## Exercise aim:
Everything except the pictures should be printed exactly as it appears in the records.

## Record set:
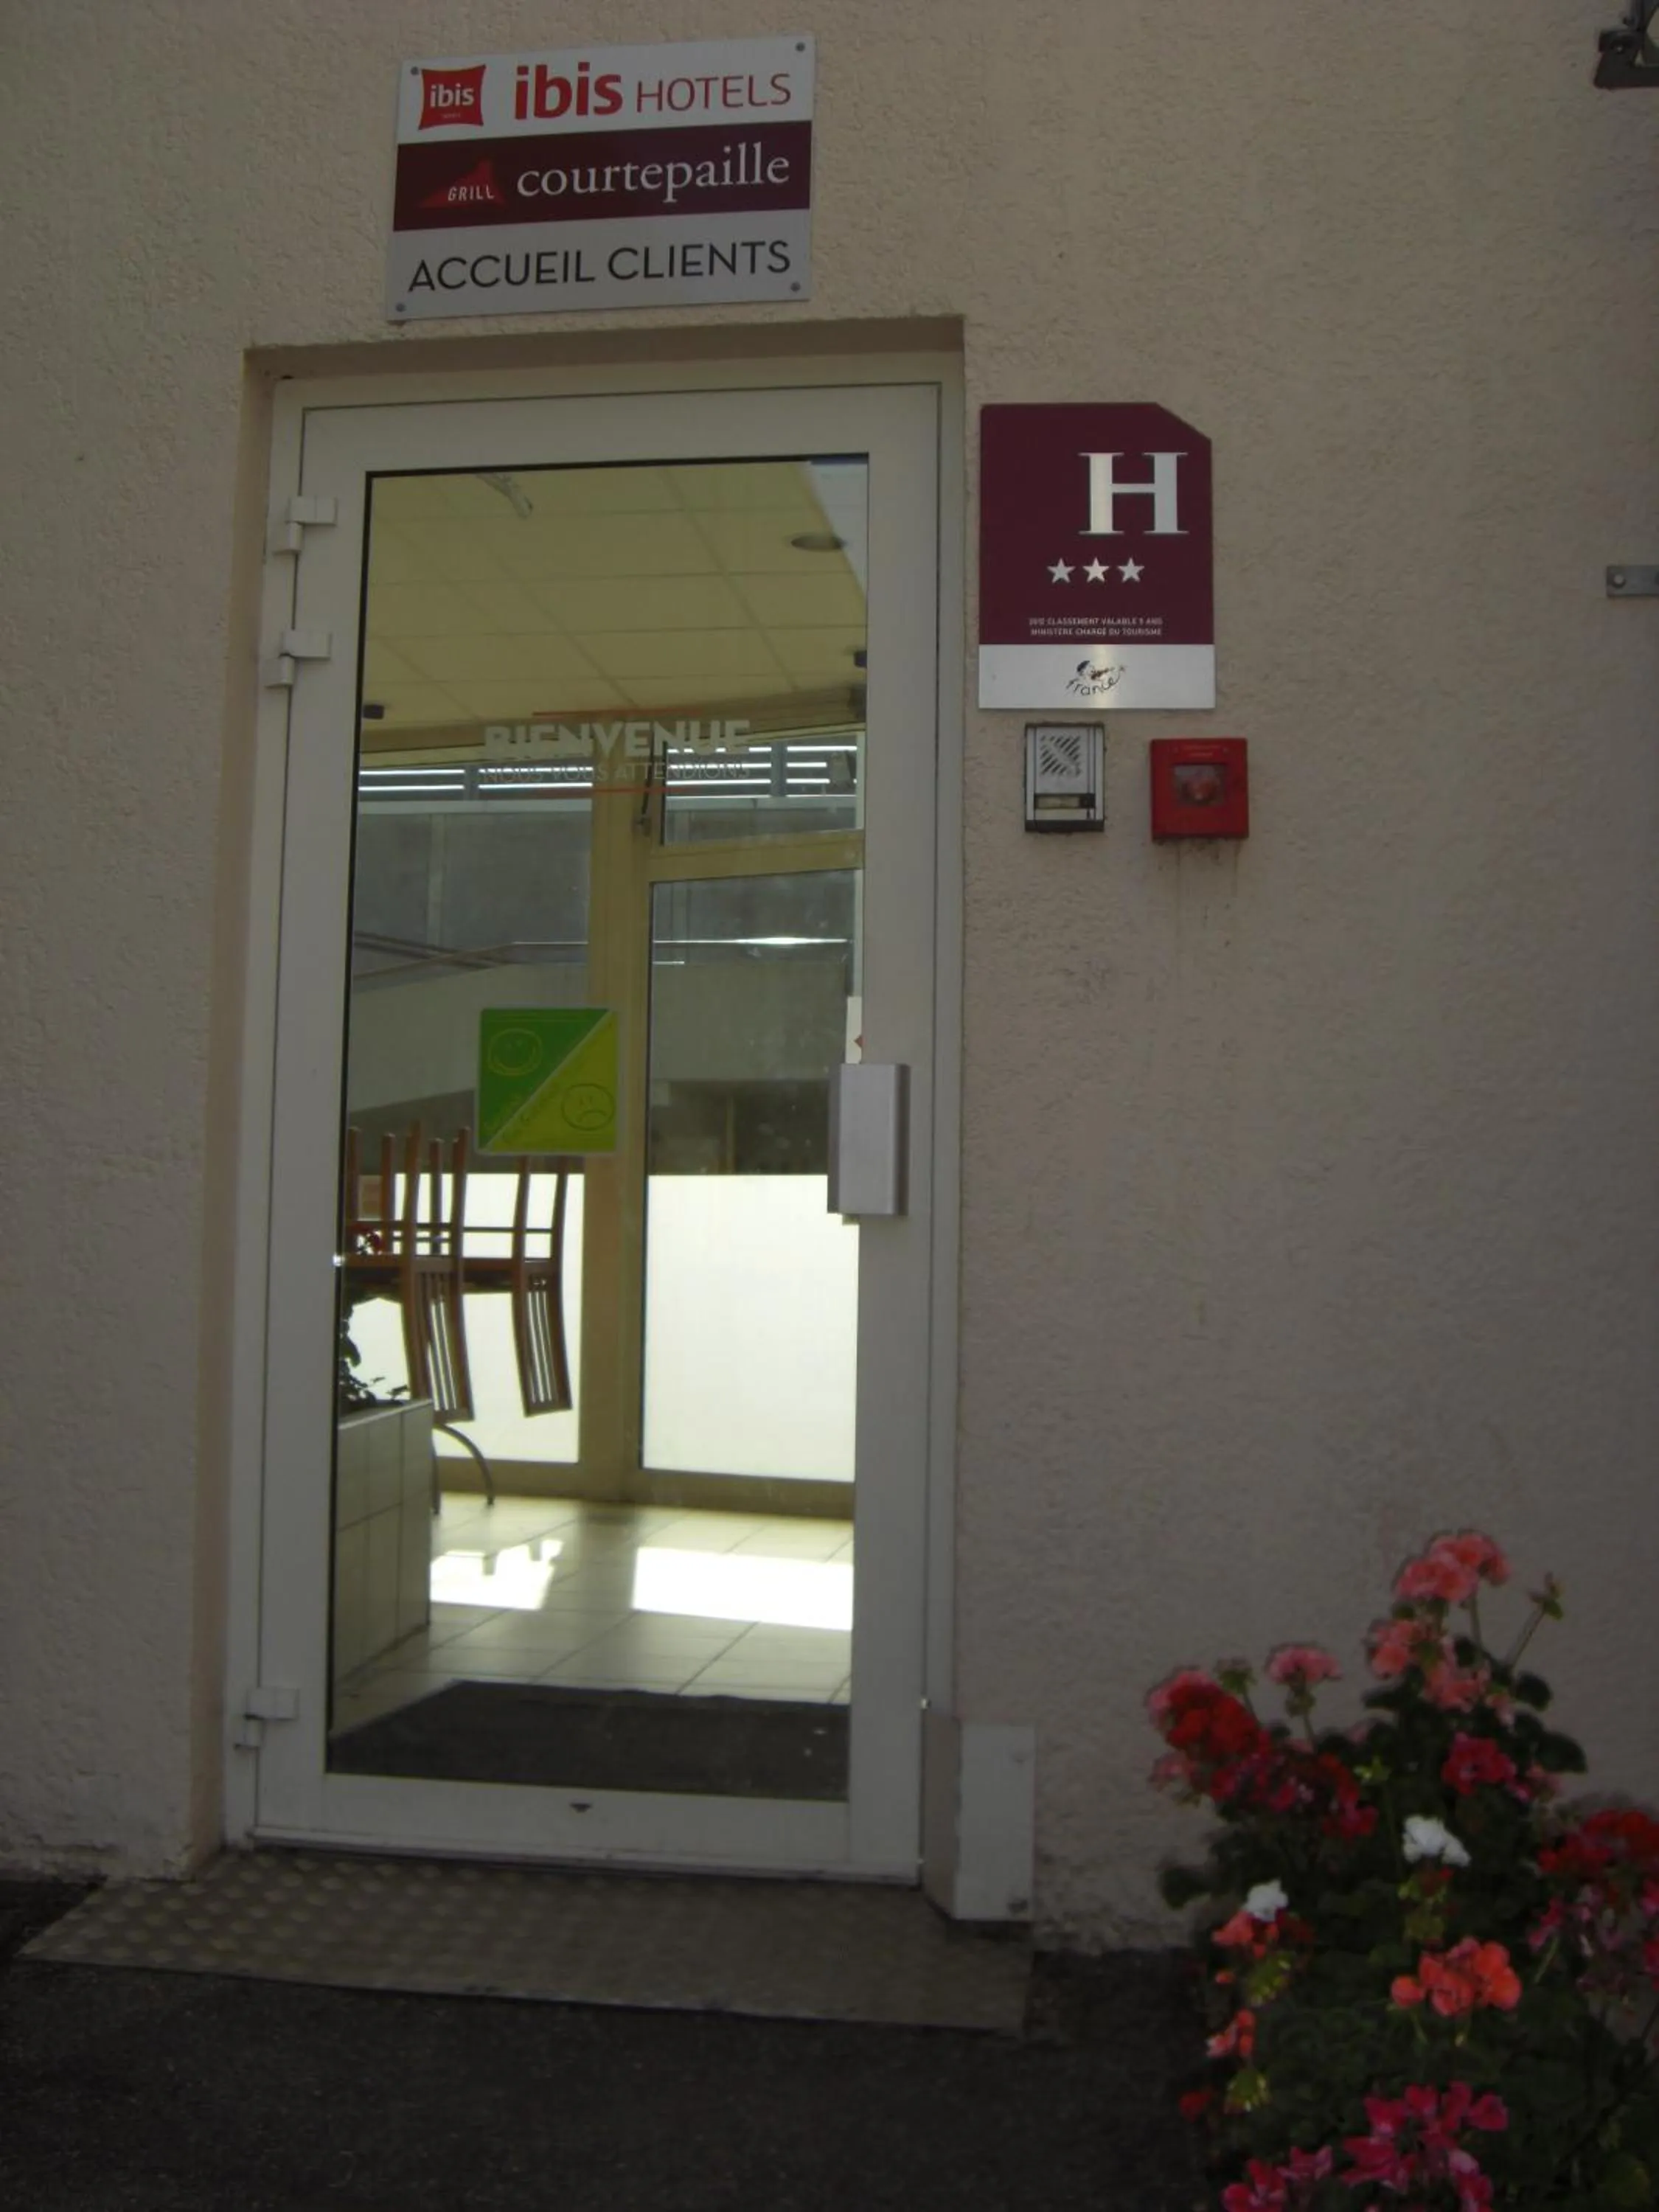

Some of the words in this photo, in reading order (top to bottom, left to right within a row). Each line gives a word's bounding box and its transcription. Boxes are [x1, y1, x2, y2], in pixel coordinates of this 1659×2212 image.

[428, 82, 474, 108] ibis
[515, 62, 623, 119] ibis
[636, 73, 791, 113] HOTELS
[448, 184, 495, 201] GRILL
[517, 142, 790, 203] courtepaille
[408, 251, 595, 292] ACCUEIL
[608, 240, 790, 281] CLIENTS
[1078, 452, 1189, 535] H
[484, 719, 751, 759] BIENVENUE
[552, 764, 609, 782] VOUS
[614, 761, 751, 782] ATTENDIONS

## Solution for this problem:
Some of the words in this photo, in reading order (top to bottom, left to right within a row). Each line gives a word's bounding box and its transcription. Boxes are [x1, y1, x2, y2], in pixel coordinates of this 1659×2212 image.

[428, 82, 474, 108] ibis
[515, 62, 623, 119] ibis
[636, 73, 791, 113] HOTELS
[448, 184, 495, 201] GRILL
[517, 142, 790, 203] courtepaille
[408, 251, 595, 292] ACCUEIL
[608, 240, 790, 281] CLIENTS
[1078, 452, 1189, 535] H
[484, 719, 751, 759] BIENVENUE
[552, 764, 609, 782] VOUS
[614, 761, 751, 782] ATTENDIONS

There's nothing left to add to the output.